#### Data provided ####

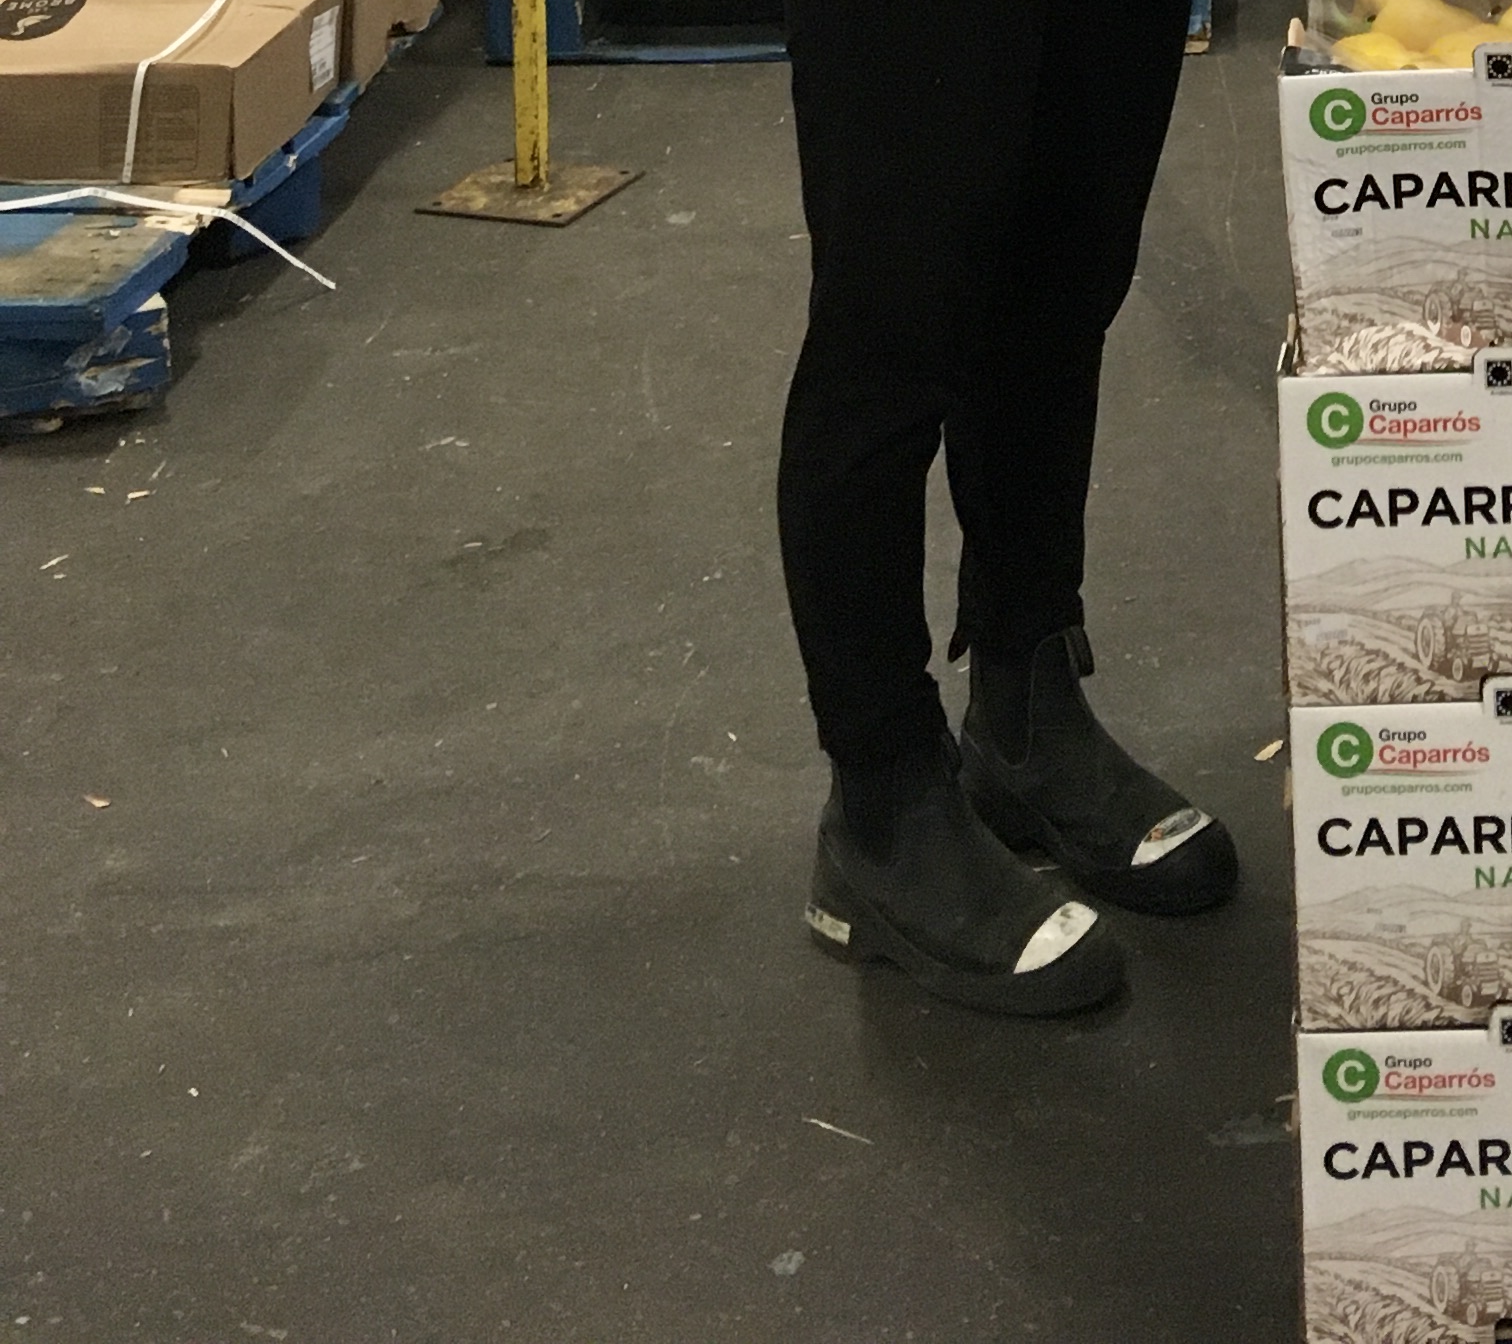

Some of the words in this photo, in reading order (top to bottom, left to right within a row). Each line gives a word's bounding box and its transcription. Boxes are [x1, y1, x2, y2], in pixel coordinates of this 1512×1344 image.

[1371, 92, 1419, 107] Grupo
[1371, 103, 1482, 126] Caparrós
[1336, 138, 1466, 157] grupocaparros.com
[1369, 400, 1417, 414] Grupo
[1369, 411, 1481, 438] Caparrós
[1331, 452, 1463, 466] grupocaparros.com
[1379, 729, 1426, 744] Grupo
[1379, 742, 1490, 768] Caparrós
[1341, 782, 1472, 795] grupocaparros.com
[1384, 1055, 1432, 1071] Grupo
[1384, 1067, 1495, 1093] Caparrós
[1347, 1106, 1478, 1120] grupocaparros.com
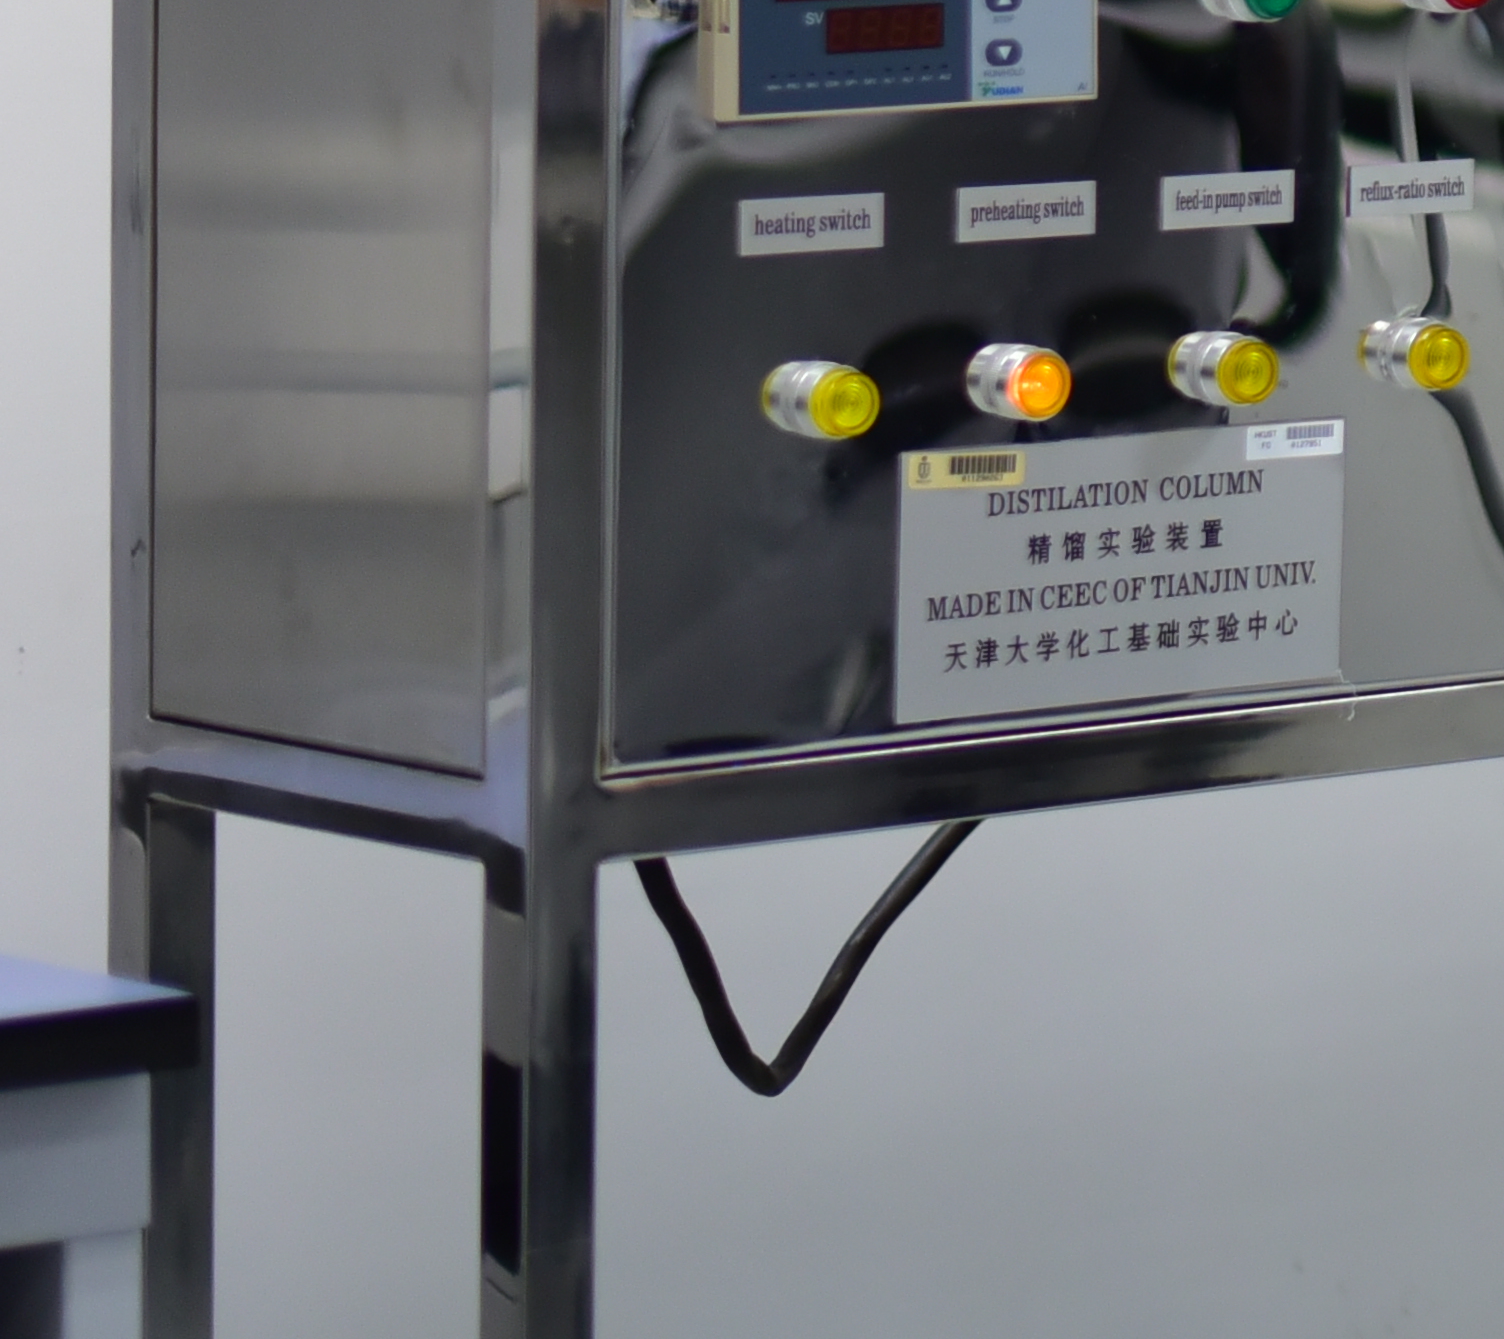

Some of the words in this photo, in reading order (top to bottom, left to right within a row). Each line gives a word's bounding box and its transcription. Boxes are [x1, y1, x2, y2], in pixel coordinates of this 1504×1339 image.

[805, 12, 824, 25] SV
[1175, 188, 1213, 212] feed-in
[1215, 192, 1246, 214] pump
[1247, 184, 1282, 207] switch
[1360, 178, 1425, 202] reflux-ratio
[1427, 175, 1465, 198] switch
[754, 211, 817, 238] heating
[819, 208, 871, 232] switch
[970, 198, 1042, 228] preheating
[1043, 195, 1085, 218] switch
[988, 478, 1150, 517] DISTILATION
[1159, 468, 1265, 504] COLUMN
[1027, 518, 1224, 565] 精馏实验装置
[926, 591, 1001, 622] MADE
[1006, 586, 1036, 614] IN
[1040, 580, 1108, 611] CEEC
[1112, 576, 1147, 605] OF
[1151, 566, 1249, 600] TIANJIN
[942, 607, 1300, 674] 天津大学化工基础实验中心

####

## Task brief
Return the material as it stands. Leave out the pictures.

## Solution to this problem
Some of the words in this photo, in reading order (top to bottom, left to right within a row). Each line gives a word's bounding box and its transcription. Boxes are [x1, y1, x2, y2], in pixel coordinates of this 1512×1344 image.

[1371, 92, 1419, 107] Grupo
[1371, 103, 1482, 126] Caparrós
[1336, 138, 1466, 157] grupocaparros.com
[1369, 400, 1417, 414] Grupo
[1369, 411, 1481, 438] Caparrós
[1331, 452, 1463, 466] grupocaparros.com
[1379, 729, 1426, 744] Grupo
[1379, 742, 1490, 768] Caparrós
[1341, 782, 1472, 795] grupocaparros.com
[1384, 1055, 1432, 1071] Grupo
[1384, 1067, 1495, 1093] Caparrós
[1347, 1106, 1478, 1120] grupocaparros.com

Some of the words in this photo, in reading order (top to bottom, left to right within a row). Each line gives a word's bounding box and its transcription. Boxes are [x1, y1, x2, y2], in pixel coordinates of this 1504×1339 image.

[805, 12, 824, 25] SV
[1175, 188, 1213, 212] feed-in
[1215, 192, 1246, 214] pump
[1247, 184, 1282, 207] switch
[1360, 178, 1425, 202] reflux-ratio
[1427, 175, 1465, 198] switch
[754, 211, 817, 238] heating
[819, 208, 871, 232] switch
[970, 198, 1042, 228] preheating
[1043, 195, 1085, 218] switch
[988, 478, 1150, 517] DISTILATION
[1159, 468, 1265, 504] COLUMN
[1027, 518, 1224, 565] 精馏实验装置
[926, 591, 1001, 622] MADE
[1006, 586, 1036, 614] IN
[1040, 580, 1108, 611] CEEC
[1112, 576, 1147, 605] OF
[1151, 566, 1249, 600] TIANJIN
[942, 607, 1300, 674] 天津大学化工基础实验中心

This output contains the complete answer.